TASK
Could you return all of the records exactly, minus their images?

(Collected data entries)

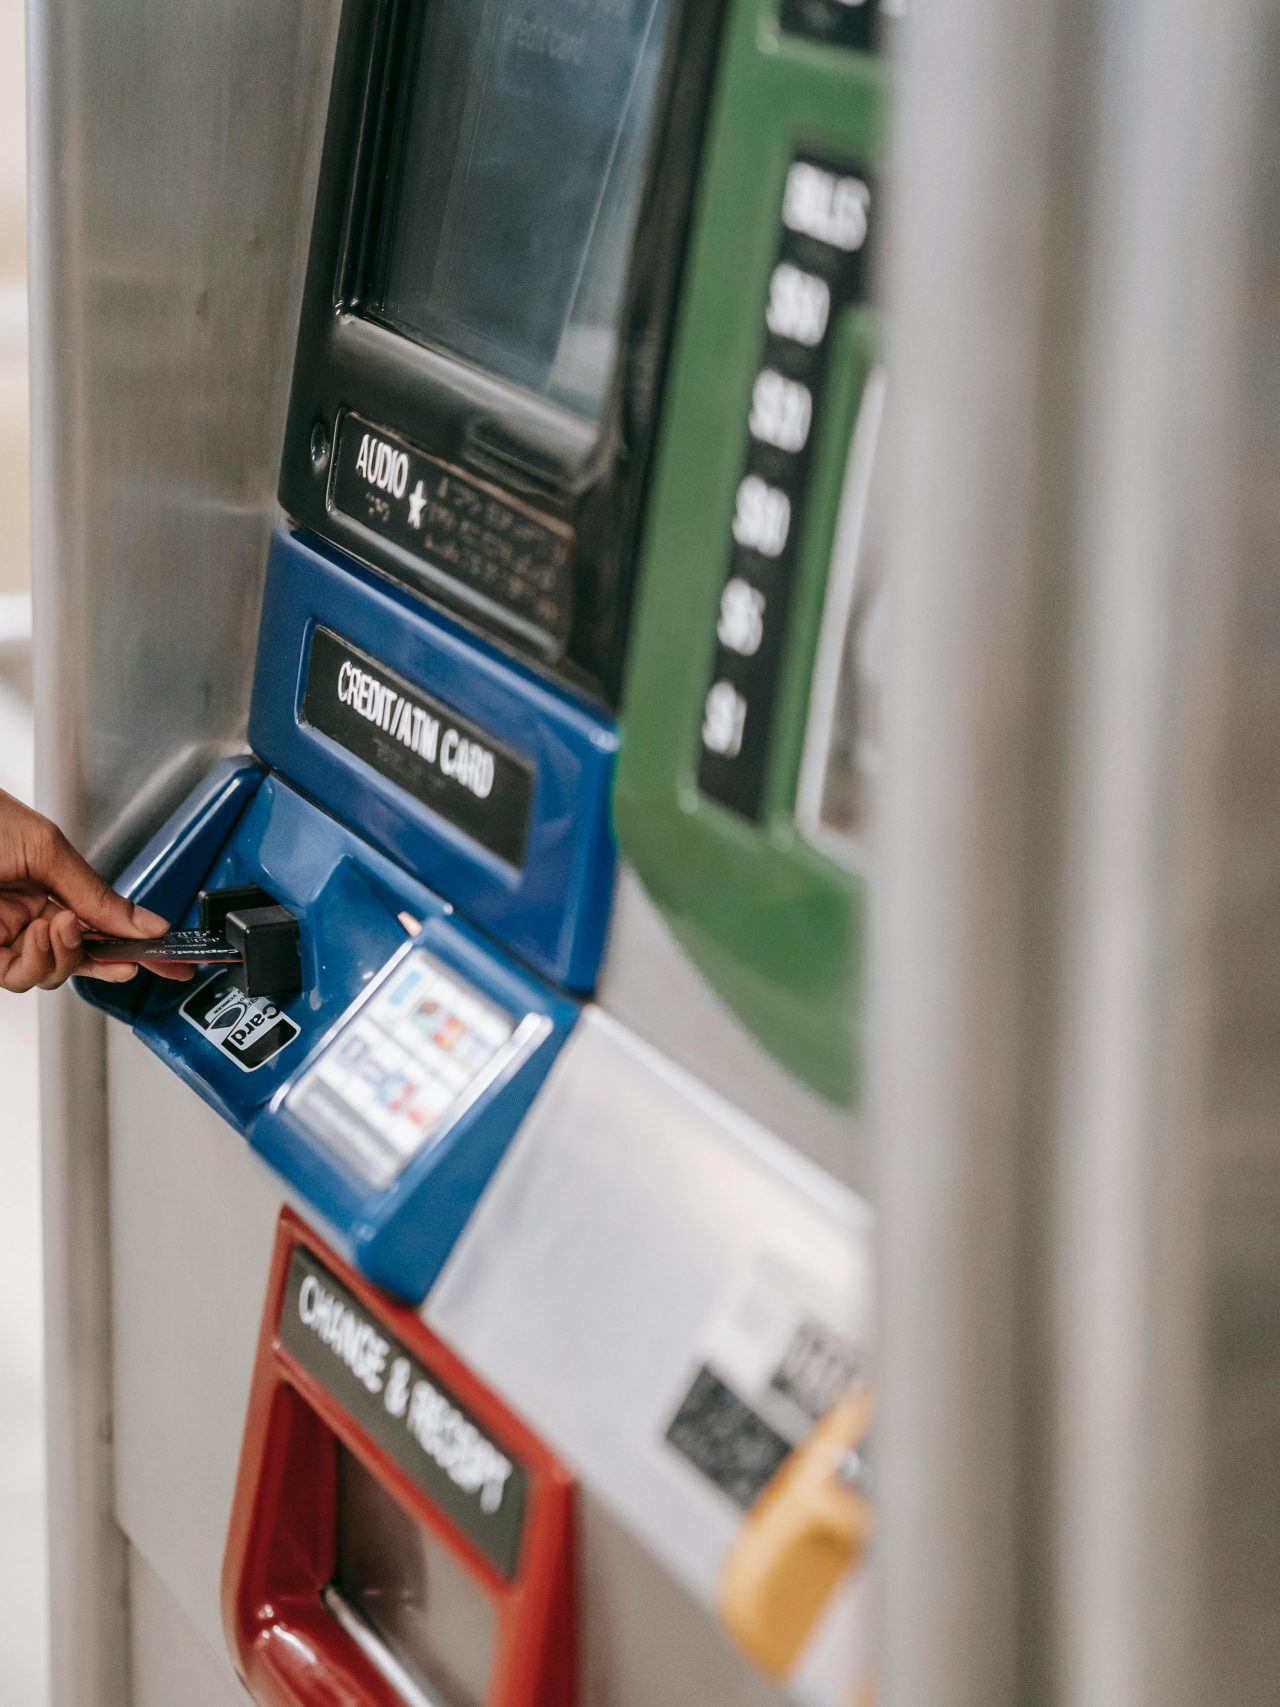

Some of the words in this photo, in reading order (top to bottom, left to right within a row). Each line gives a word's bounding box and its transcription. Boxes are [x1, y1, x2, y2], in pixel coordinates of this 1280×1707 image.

[355, 433, 409, 499] AUDIO
[337, 661, 440, 763] CREDIT/ATM
[439, 729, 495, 799] CARD
[231, 1003, 281, 1046] Card
[298, 1274, 390, 1394] CHANGE
[384, 1357, 412, 1418] &

ANSWER TO THE EXERCISE
Some of the words in this photo, in reading order (top to bottom, left to right within a row). Each line gives a word's bounding box and its transcription. Boxes are [x1, y1, x2, y2], in pixel coordinates of this 1280×1707 image.

[355, 433, 409, 499] AUDIO
[337, 661, 440, 763] CREDIT/ATM
[439, 729, 495, 799] CARD
[231, 1003, 281, 1046] Card
[298, 1274, 390, 1394] CHANGE
[384, 1357, 412, 1418] &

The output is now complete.